To return to our imaginary friend, I perceived not merely sorrow at her anticipated passing but also some resentment.  “How could this be?”  Had she not overcome innumerable travails and griefs of every kind?  Had she not remained valiant despite outrageous tests of faith—each one seemingly more unwelcome than the last, and coming in a never ending stream?  Her body bore the marks of her pain and her endurance.  [In this regard, some of the “free verse” of No. 99, “To A Woman of Tempered Steel” comes to mind.]  Given this admirably lengthy history of persistence for the right, those watching might wonder if it would not be more just, more appropriate for a Gracious God to grant the sufferer immortality.  Such a desire would be well-intentioned error--for we are all meant to die, and in dying, pass into the Post-Mortal World in preparation for resurrection, and, if we are worthy, the glory of Eternal Life.

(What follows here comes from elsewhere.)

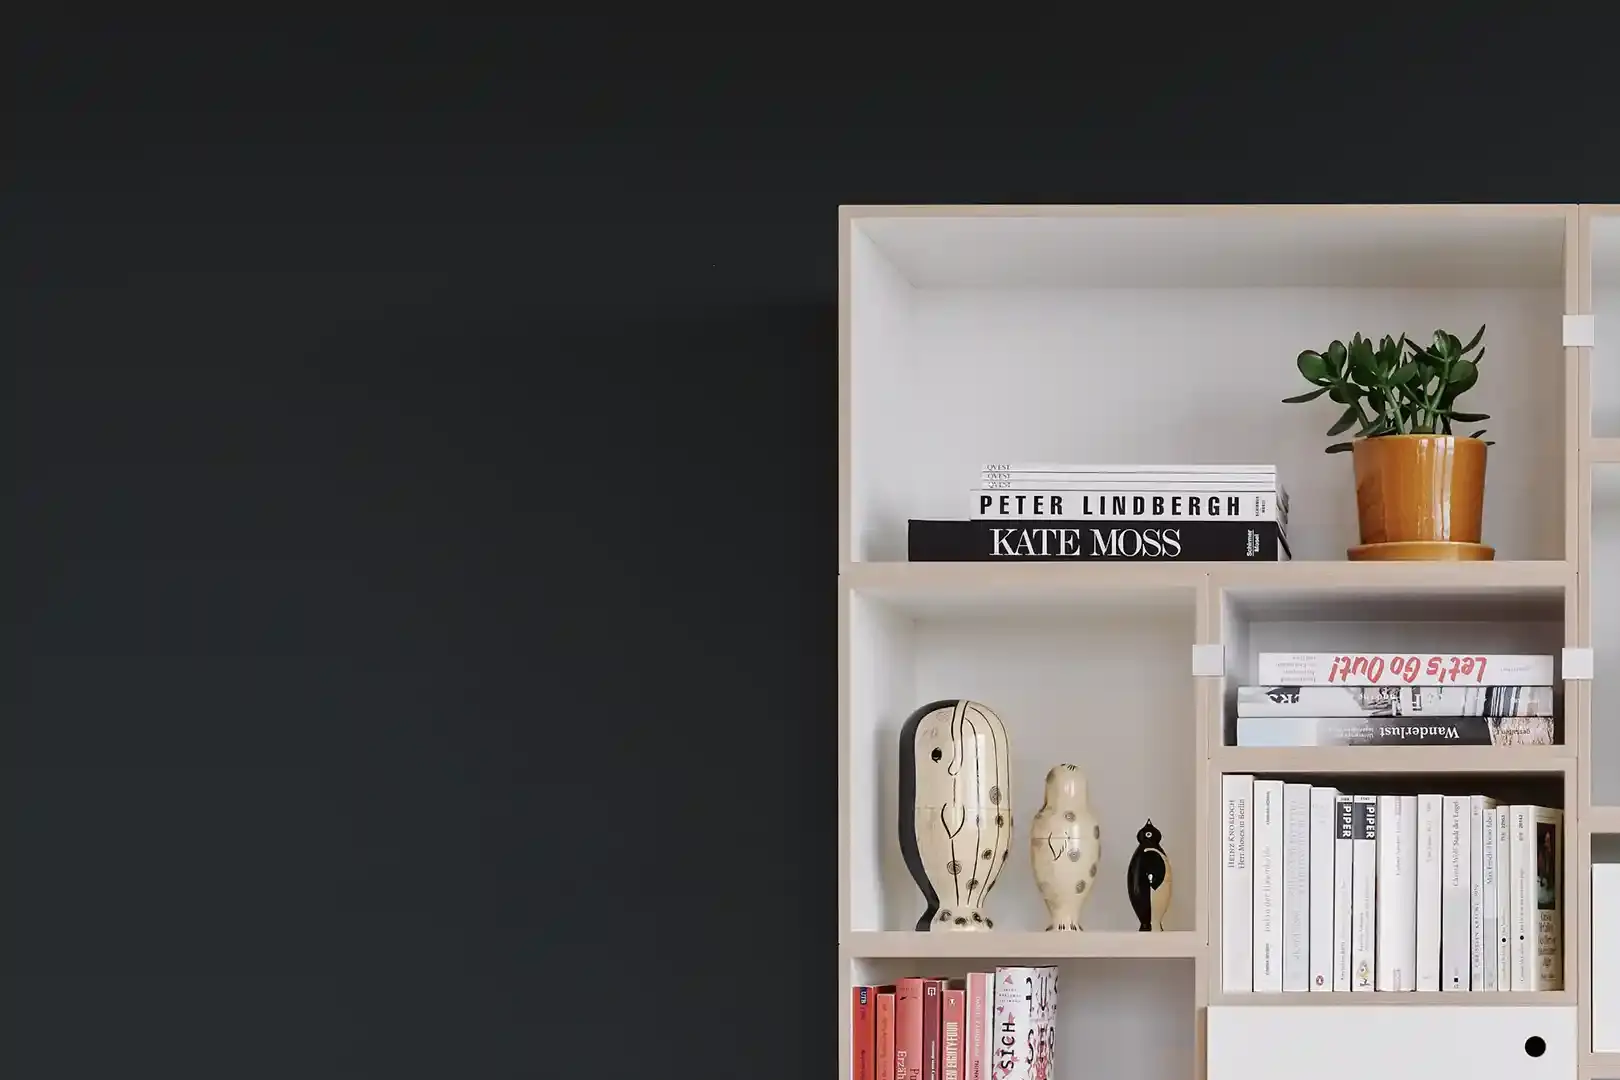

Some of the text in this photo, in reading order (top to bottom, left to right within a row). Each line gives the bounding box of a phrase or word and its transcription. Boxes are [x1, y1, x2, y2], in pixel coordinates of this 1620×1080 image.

And so, were I present in that Spring afternoon with our cancer victim, I might feel compelled to say, “Dear Sister, we must acknowledge that God’s perfect love cannot serve to deny us death.  Yes, your time is, indeed, fast approaching.  And that is not merely a necessary thing, it is a good thing.”   A willingness to return to the Heavenly Presence, despite our flaws and fears, is a consummate test of faith.  We know there is a life after death.  What we fear is that it will bring us face to face with all of our mortal weaknesses and errors.  To not merely accept but to embrace death is a final mortal act of trust in the atonement of the Lord God and the grace of our Heavenly Father based on that atonement.  Let us recall Jesus' own promise to all, given to us of the current dispensation.

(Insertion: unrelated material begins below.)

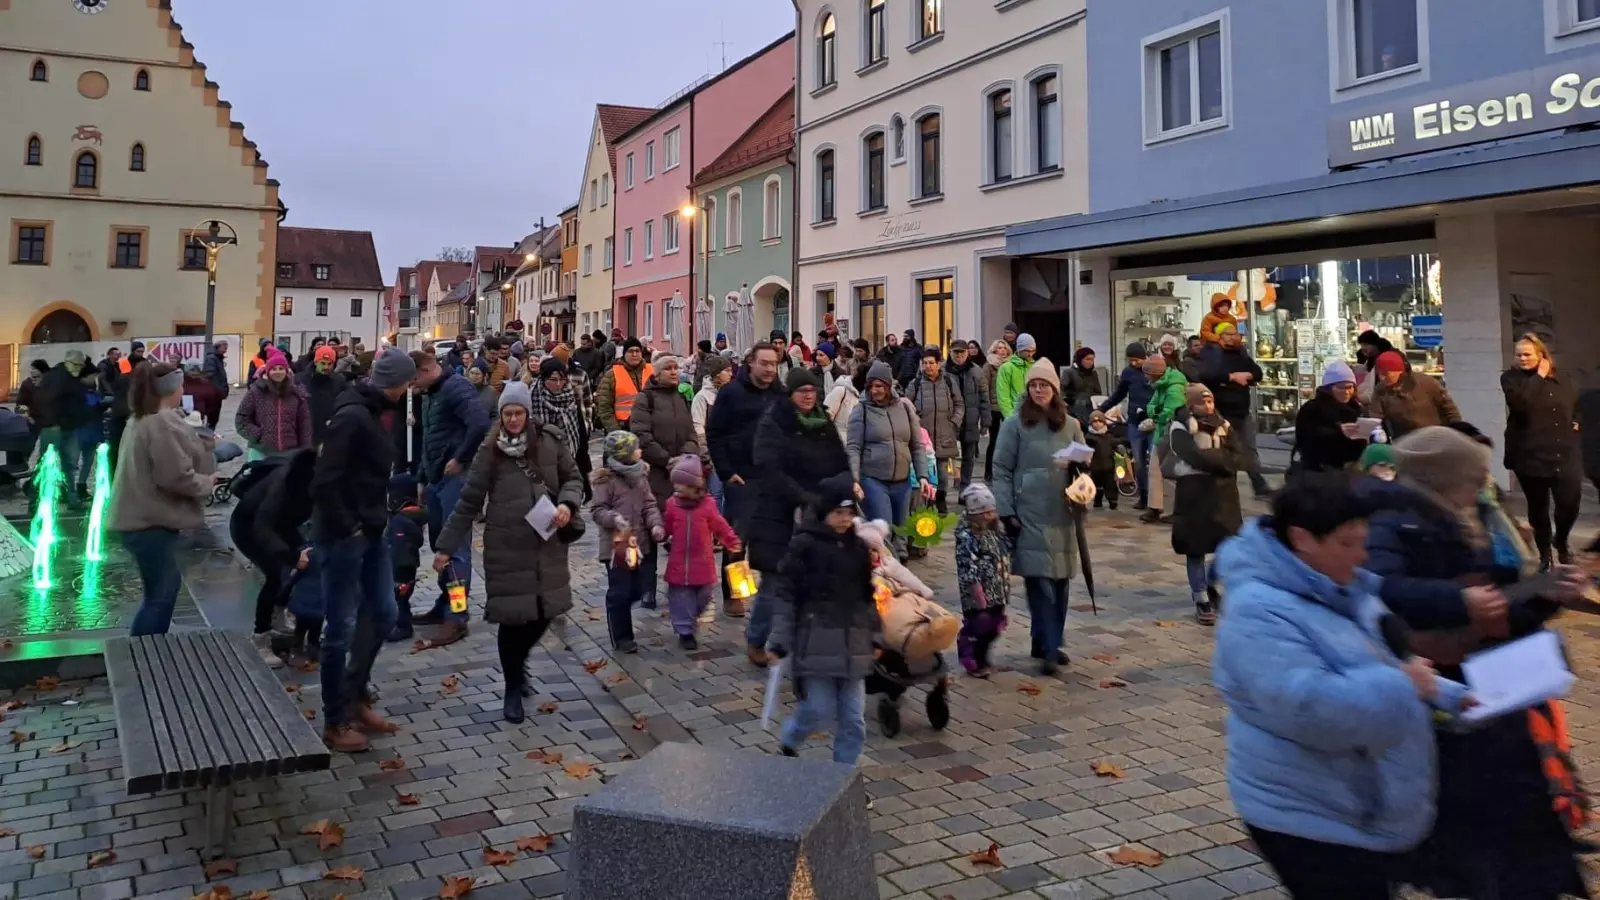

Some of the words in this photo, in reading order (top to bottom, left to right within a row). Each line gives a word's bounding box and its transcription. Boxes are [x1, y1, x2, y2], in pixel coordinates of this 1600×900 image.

[1349, 112, 1395, 143] WM
[1413, 92, 1533, 140] Eisen
[1545, 72, 1600, 114] Sc

Doctrine and Covenants 45:1-4


1 Hearken, O ye people of my church, to whom the kingdom has been given; hearken ye and give ear to him who laid the foundation of the earth, who made the heavens and all the hosts thereof, and by whom all things were made which live, and move, and have a being.
2 And again I say, hearken unto my voice, lest death shall overtake you; in an hour when ye think not the summer shall be past, and the harvest ended, and your souls not saved.
3 Listen to him who is the advocate with the Father, who is pleading your cause before him--
4 Saying: Father, behold the sufferings and death of him who did no sin, in whom thou wast well pleased; behold the blood of thy Son which was shed, the blood of him whom thou gavest that thyself might be glorified;
5 Wherefore, Father, spare these my brethren that believe on my name, that they may come unto me and have everlasting life.

END NOTE:

This imaginary sister should not fear the promises made by our Lord and Savior, Jesus Christ.  Despite the temporary terrors of mortality, death is but a portal to the glorious infinity which is the inheritance of the faithful.  Like the apostle Paul wrote to the Corinthians (1 Cor. 15:5-55):
"So when this corruptible shall have put on incorruption, and this mortal shall have put on immortality, then shall be brought to pass the saying that is written, Death is swallowed up in victory. O death, where is thy sting? O grave, where is thy victory?"